Riggleman and the players on the bench thought the same.

“It didn’t sound real good coming off the bat,” Riggleman said.

But yet the ball carried through cool September night and landed deep in the visitors’ bullpen.

“That just shows how strong he is,” Putz said.

And the reports of Guerrero losing bat speed?

“Not hardly,” Putz said. “That home run shows right there that his bat isn’t slowing down.”

If the ninth-inning homer didn’t provide enough of a testament of Guerrero’s strength and bat speed, his sixth-inning solo homer should have.

Facing Randy Messenger with a 2-2 count, Guerrero reached out and drove a fastball to right. Even though it hardly looked like he swung, the ball carried easily out and over the fence.

Right fielder Wladimir Balentien tried to make a leaping catch at the wall, but the ball caromed off his glove and landed over the fence.

There was some confusion as to whether the ball went over the fence at first, and Guerrero briefly stopped at second base.

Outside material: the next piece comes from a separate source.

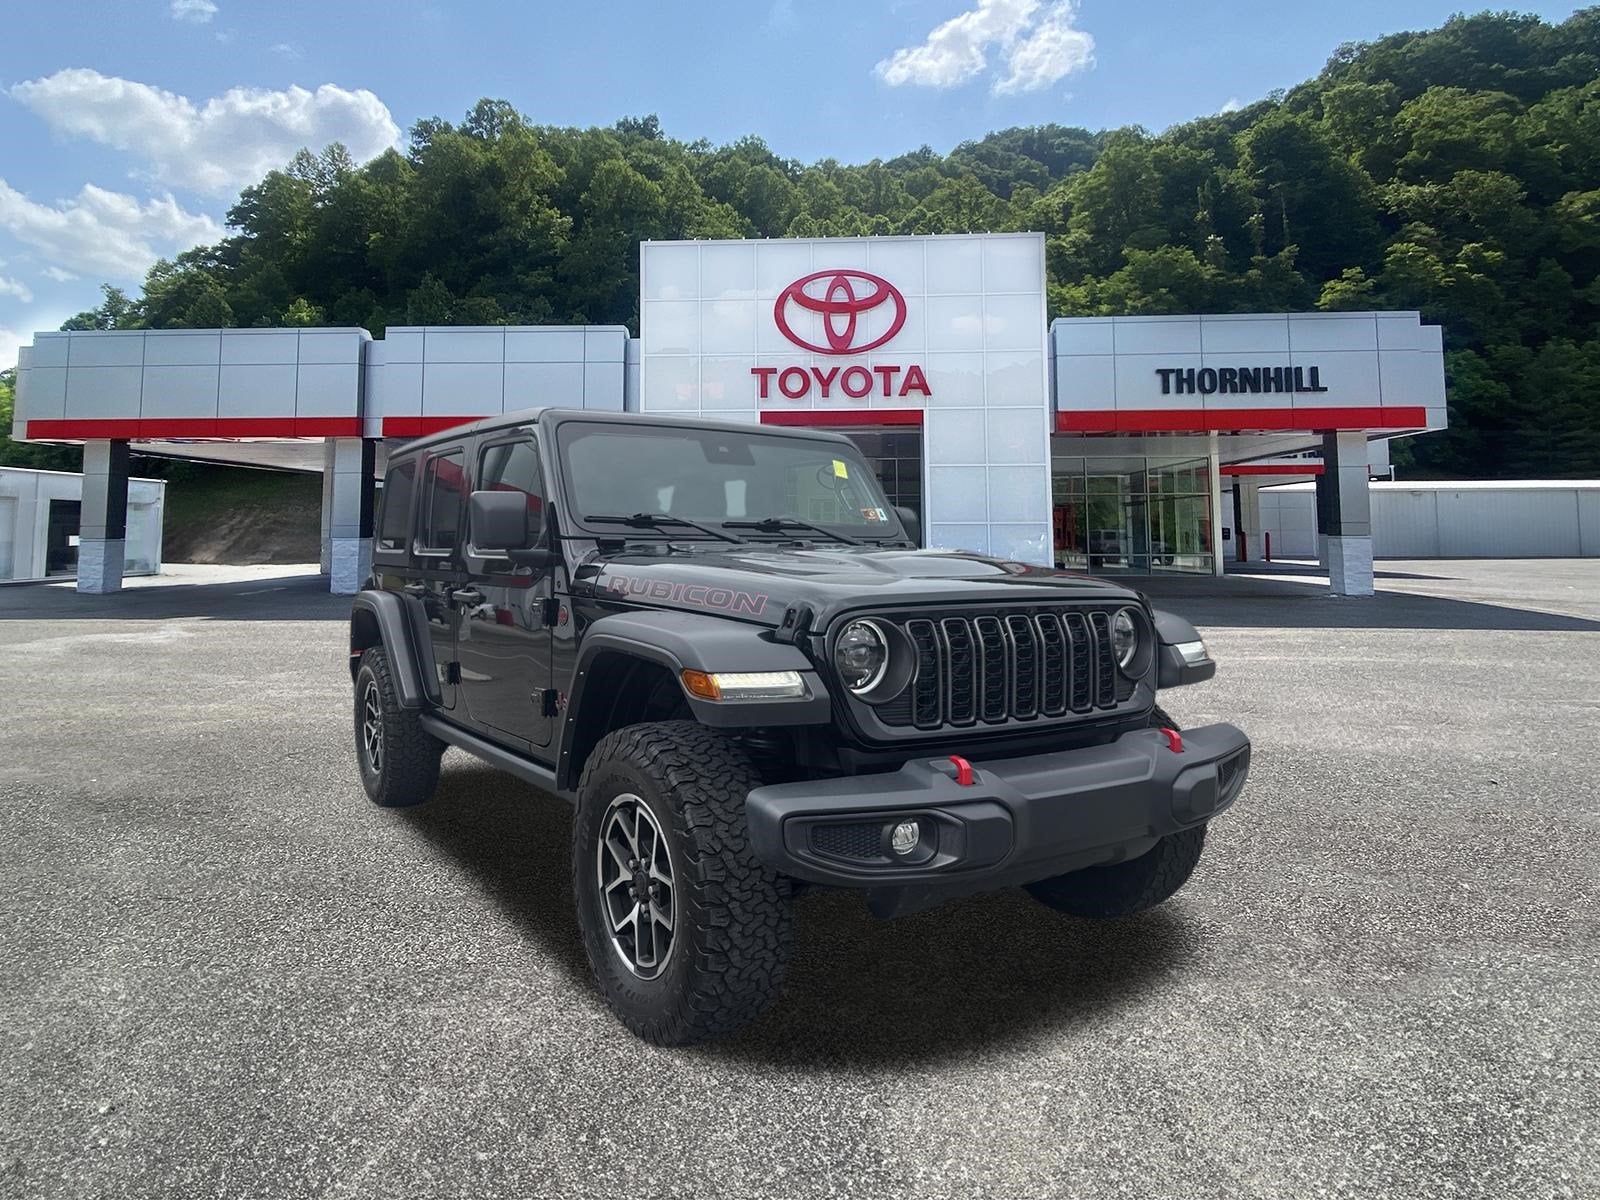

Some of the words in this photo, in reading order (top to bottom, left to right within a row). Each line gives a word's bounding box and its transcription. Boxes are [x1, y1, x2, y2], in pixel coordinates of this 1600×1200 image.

The umpires conferred and ruled that it was a home run.

Two pitches, two different locations, the same end result.

“You can’t really throw him a pitch that he doesn’t like,” Putz said. “That’s what makes him so good and he’s so strong. He’s just a tough guy to pitch to.”

Guerrero spoiled a decent showing from the Mariners. Seattle jumped out to an 2-0 lead in the first inning.

Ichiro Suzuki led off with single to right. The hit was his 1,800th in major league baseball. And in doing so he became the fastest player to reach 1,800 hits since 1954. He needed just 1,276 games. The next closest is Wade Boggs at 1,352 games.

Raul Ibańez scored Ichiro on a single to right. Balentien added an RBI double.

The Mariners couldn’t hold the lead. Spot starter Cesar Jimenez paid for his three walks in the second by giving up a sacrifice fly to Mike Napoli to cut it to 2-1. Guerrero’s solo shot in the sixth tied the game, and later in the inning Gary Matthews Jr. drove in a run on a fielder’s choice. The Angels pushed the lead to 4-2 in the seventh on a Hunter single to center.

But the Mariners rallied behind an unlikely concept – patient hitting from Yuniesky Betancourt. Having already taken a walk early in the game, Betancourt worked a 2-0 count off of Jose Arrendando and then blasted a two-run homer to left-center to tie the game at four.

But it wouldn’t hold as Putz (6-5) took the loss and gave up his first runs at Safeco since June 1.